▸ Data extracts:

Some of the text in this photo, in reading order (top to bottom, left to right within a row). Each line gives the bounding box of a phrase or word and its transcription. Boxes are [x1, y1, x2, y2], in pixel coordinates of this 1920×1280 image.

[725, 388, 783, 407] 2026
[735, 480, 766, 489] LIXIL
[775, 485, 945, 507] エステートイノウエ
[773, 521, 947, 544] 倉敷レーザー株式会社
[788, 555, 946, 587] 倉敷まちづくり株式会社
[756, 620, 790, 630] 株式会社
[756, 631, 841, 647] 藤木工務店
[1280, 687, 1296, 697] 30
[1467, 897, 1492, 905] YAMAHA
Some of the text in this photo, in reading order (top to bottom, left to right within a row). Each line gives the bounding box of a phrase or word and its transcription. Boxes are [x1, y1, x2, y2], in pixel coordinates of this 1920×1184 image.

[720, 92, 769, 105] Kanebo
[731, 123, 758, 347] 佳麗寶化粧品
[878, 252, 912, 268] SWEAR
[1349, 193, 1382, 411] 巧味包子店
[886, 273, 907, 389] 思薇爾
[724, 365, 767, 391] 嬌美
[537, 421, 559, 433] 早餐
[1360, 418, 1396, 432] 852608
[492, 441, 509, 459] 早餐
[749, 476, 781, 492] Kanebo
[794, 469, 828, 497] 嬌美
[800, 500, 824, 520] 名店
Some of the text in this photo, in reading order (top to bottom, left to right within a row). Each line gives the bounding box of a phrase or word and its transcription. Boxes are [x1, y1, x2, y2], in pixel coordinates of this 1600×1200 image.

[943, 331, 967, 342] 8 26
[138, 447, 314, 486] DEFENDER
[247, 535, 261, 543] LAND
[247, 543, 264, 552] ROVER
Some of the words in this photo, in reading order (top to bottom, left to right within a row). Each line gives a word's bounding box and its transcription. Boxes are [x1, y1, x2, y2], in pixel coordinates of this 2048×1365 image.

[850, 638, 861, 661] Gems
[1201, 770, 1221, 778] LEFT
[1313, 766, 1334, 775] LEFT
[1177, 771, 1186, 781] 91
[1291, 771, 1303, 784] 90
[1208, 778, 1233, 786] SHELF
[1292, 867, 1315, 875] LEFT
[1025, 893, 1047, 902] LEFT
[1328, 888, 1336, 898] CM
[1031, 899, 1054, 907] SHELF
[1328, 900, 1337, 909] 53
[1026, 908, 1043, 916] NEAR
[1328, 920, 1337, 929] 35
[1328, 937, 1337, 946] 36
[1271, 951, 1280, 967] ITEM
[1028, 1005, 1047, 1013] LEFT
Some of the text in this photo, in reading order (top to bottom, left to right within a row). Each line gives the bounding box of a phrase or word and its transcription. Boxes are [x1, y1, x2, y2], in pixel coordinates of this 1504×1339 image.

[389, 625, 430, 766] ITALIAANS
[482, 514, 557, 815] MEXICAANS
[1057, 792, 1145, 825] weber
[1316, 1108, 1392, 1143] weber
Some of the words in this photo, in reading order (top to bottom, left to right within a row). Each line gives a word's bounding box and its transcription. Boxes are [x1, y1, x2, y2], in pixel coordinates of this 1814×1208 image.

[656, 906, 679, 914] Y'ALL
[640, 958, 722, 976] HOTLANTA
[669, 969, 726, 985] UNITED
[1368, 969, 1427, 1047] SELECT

▸ What to produce: What is needed is an exact copy of every record above.

▸ Task result:
Some of the text in this photo, in reading order (top to bottom, left to right within a row). Each line gives the bounding box of a phrase or word and its transcription. Boxes are [x1, y1, x2, y2], in pixel coordinates of this 1920×1280 image.

[725, 388, 783, 407] 2026
[735, 480, 766, 489] LIXIL
[775, 485, 945, 507] エステートイノウエ
[773, 521, 947, 544] 倉敷レーザー株式会社
[788, 555, 946, 587] 倉敷まちづくり株式会社
[756, 620, 790, 630] 株式会社
[756, 631, 841, 647] 藤木工務店
[1280, 687, 1296, 697] 30
[1467, 897, 1492, 905] YAMAHA
Some of the text in this photo, in reading order (top to bottom, left to right within a row). Each line gives the bounding box of a phrase or word and its transcription. Boxes are [x1, y1, x2, y2], in pixel coordinates of this 1920×1184 image.

[720, 92, 769, 105] Kanebo
[731, 123, 758, 347] 佳麗寶化粧品
[878, 252, 912, 268] SWEAR
[1349, 193, 1382, 411] 巧味包子店
[886, 273, 907, 389] 思薇爾
[724, 365, 767, 391] 嬌美
[537, 421, 559, 433] 早餐
[1360, 418, 1396, 432] 852608
[492, 441, 509, 459] 早餐
[749, 476, 781, 492] Kanebo
[794, 469, 828, 497] 嬌美
[800, 500, 824, 520] 名店
Some of the text in this photo, in reading order (top to bottom, left to right within a row). Each line gives the bounding box of a phrase or word and its transcription. Boxes are [x1, y1, x2, y2], in pixel coordinates of this 1600×1200 image.

[943, 331, 967, 342] 8 26
[138, 447, 314, 486] DEFENDER
[247, 535, 261, 543] LAND
[247, 543, 264, 552] ROVER
Some of the words in this photo, in reading order (top to bottom, left to right within a row). Each line gives a word's bounding box and its transcription. Boxes are [x1, y1, x2, y2], in pixel coordinates of this 2048×1365 image.

[850, 638, 861, 661] Gems
[1201, 770, 1221, 778] LEFT
[1313, 766, 1334, 775] LEFT
[1177, 771, 1186, 781] 91
[1291, 771, 1303, 784] 90
[1208, 778, 1233, 786] SHELF
[1292, 867, 1315, 875] LEFT
[1025, 893, 1047, 902] LEFT
[1328, 888, 1336, 898] CM
[1031, 899, 1054, 907] SHELF
[1328, 900, 1337, 909] 53
[1026, 908, 1043, 916] NEAR
[1328, 920, 1337, 929] 35
[1328, 937, 1337, 946] 36
[1271, 951, 1280, 967] ITEM
[1028, 1005, 1047, 1013] LEFT
Some of the text in this photo, in reading order (top to bottom, left to right within a row). Each line gives the bounding box of a phrase or word and its transcription. Boxes are [x1, y1, x2, y2], in pixel coordinates of this 1504×1339 image.

[389, 625, 430, 766] ITALIAANS
[482, 514, 557, 815] MEXICAANS
[1057, 792, 1145, 825] weber
[1316, 1108, 1392, 1143] weber
Some of the words in this photo, in reading order (top to bottom, left to right within a row). Each line gives a word's bounding box and its transcription. Boxes are [x1, y1, x2, y2], in pixel coordinates of this 1814×1208 image.

[656, 906, 679, 914] Y'ALL
[640, 958, 722, 976] HOTLANTA
[669, 969, 726, 985] UNITED
[1368, 969, 1427, 1047] SELECT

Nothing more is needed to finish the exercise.